Now, scientists at MIT and the University of Chicago say they have identified the main process that formed the moon’s atmosphere and continues to sustain it today. In a study appearing today in Science Advances, the team reports that the lunar atmosphere is primarily a product of “impact vaporization.”
In their study, the researchers analyzed samples of lunar soil collected by astronauts during NASA’s Apollo missions. Their analysis suggests that over the moon’s 4.5-billion-year history its surface has been continuously bombarded, first by massive meteorites, then more recently, by smaller, dust-sized “micrometeoroids.” These constant impacts have kicked up the lunar soil, vaporizing certain atoms on contact and lofting the particles into the air. Some atoms are ejected into space, while others remain suspended over the moon, forming a tenuous atmosphere that is constantly replenished as meteorites continue to pelt the surface.
The researchers found that impact vaporization is the main process by which the moon has generated and sustained its extremely thin atmosphere over billions of years.
“We give a definitive answer that meteorite impact vaporization is the dominant process that creates the lunar atmosphere,” says the study’s lead author, Nicole Nie, an assistant professor in MIT’s Department of Earth, Atmospheric and Planetary Sciences. “The moon is close to 4.5 billion years old, and through that time the surface has been continuously bombarded by meteorites. We show that eventually, a thin atmosphere reaches a steady state because it’s being continuously replenished by small impacts all over the moon.”

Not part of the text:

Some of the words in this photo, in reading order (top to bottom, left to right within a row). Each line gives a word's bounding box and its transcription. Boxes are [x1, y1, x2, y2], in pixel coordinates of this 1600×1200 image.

Nie’s co-authors are Nicolas Dauphas, Zhe Zhang, and Timo Hopp at the University of Chicago, and Menelaos Sarantos at NASA Goddard Space Flight Center.
Weathering’s roles
In 2013, NASA sent an orbiter around the moon to do some detailed atmospheric reconnaissance. The Lunar Atmosphere and Dust Environment Explorer (LADEE, pronounced “laddie”) was tasked with remotely gathering information about the moon’s thin atmosphere, surface conditions, and any environmental influences on the lunar dust.

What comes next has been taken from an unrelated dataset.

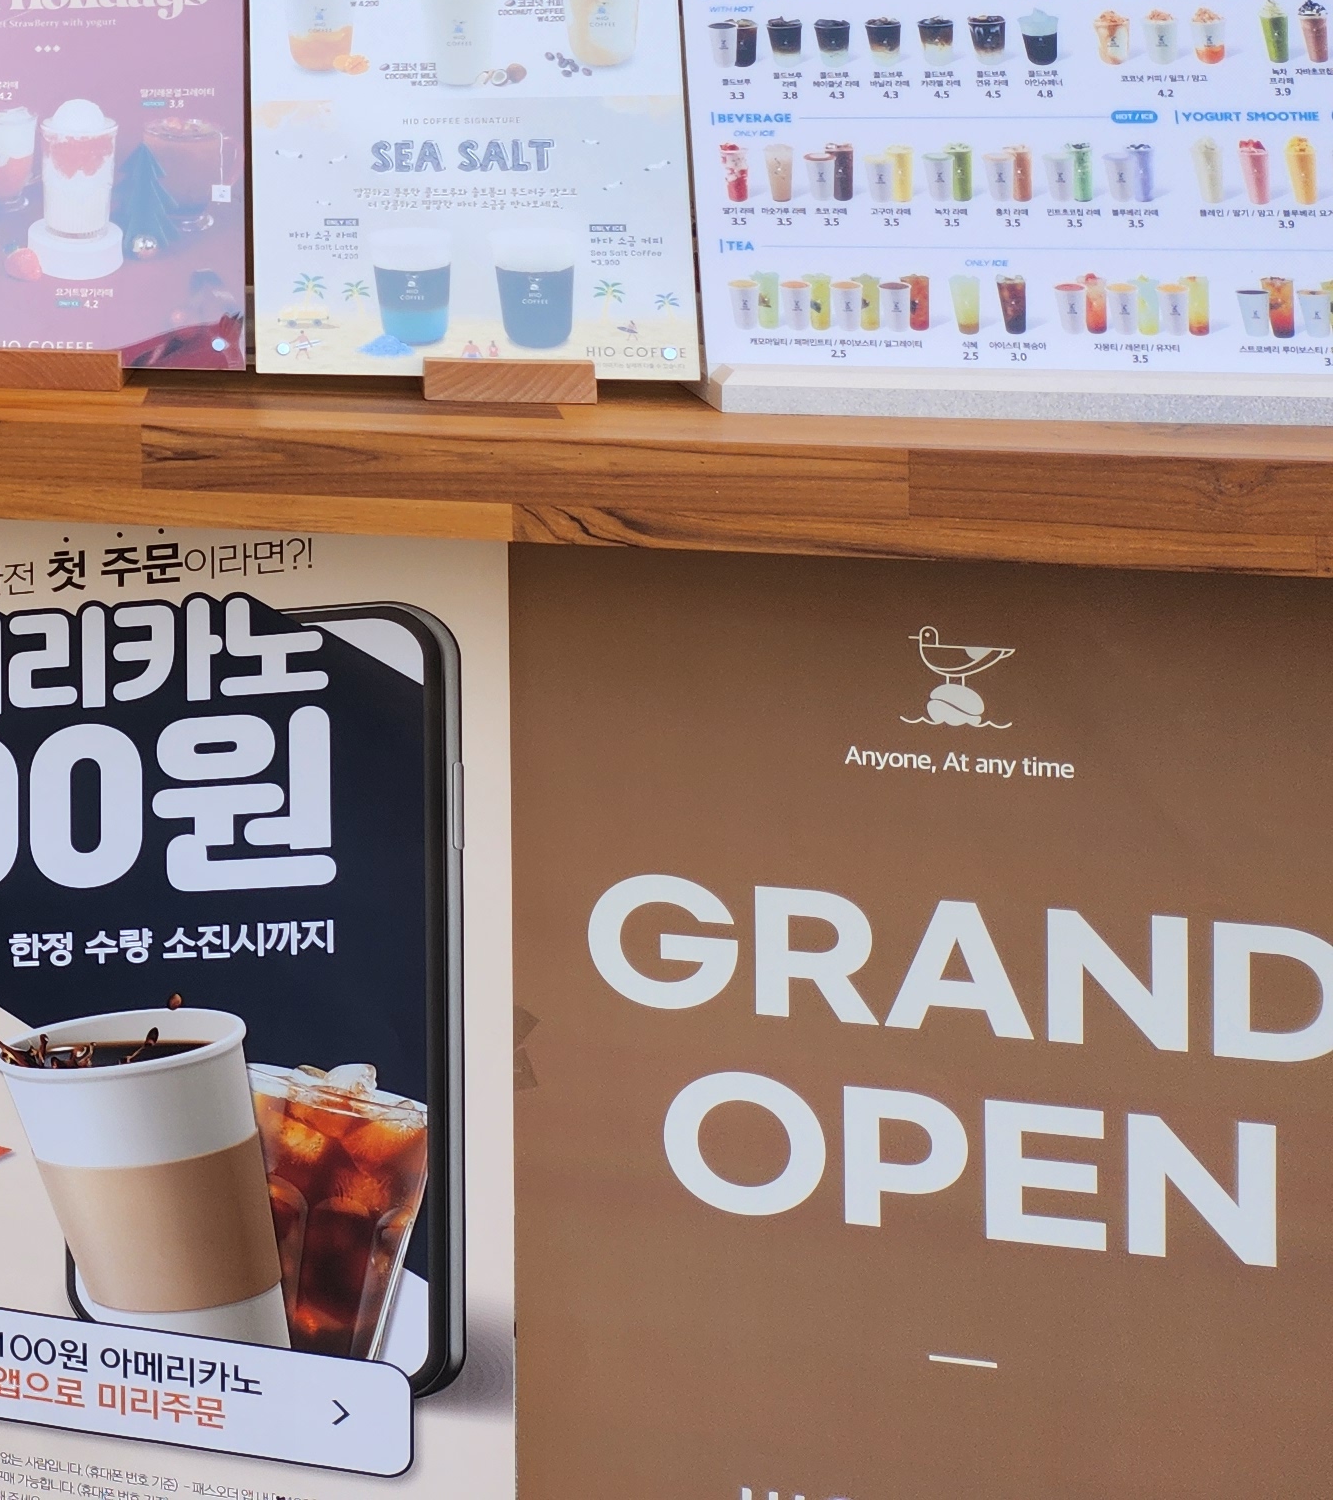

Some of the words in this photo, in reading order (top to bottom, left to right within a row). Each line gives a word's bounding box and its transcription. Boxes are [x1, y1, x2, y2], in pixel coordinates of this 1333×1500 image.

LADEE’s mission was designed to determine the origins of the moon’s atmosphere. Scientists hoped that the probe’s remote measurements of soil and atmospheric composition might correlate with certain space weathering processes that could then explain how the moon’s atmosphere came to be.
Researchers suspect that two space weathering processes play a role in shaping the lunar atmosphere: impact vaporization and “ion sputtering” — a phenomenon involving solar wind, which carries energetic charged particles from the sun through space. When these particles hit the moon’s surface, they can transfer their energy to the atoms in the soil and send those atoms sputtering and flying into the air. 
“Based on LADEE’s data, it seemed both processes are playing a role,” Nie says. “For instance, it showed that during meteorite showers, you see more atoms in the atmosphere, meaning impacts have an effect. But it also showed that when the moon is shielded from the sun, such as during an eclipse, there are also changes in the atmosphere’s atoms, meaning the sun also has an impact. So, the results were not clear or quantitative.”
Answers in the soil
To more precisely pin down the lunar atmosphere’s origins, Nie looked to samples of lunar soil collected by astronauts throughout NASA’s Apollo missions. She and her colleagues at the University of Chicago acquired 10 samples of lunar soil, each measuring about 100 milligrams — a tiny amount that she estimates would fit into a single raindrop.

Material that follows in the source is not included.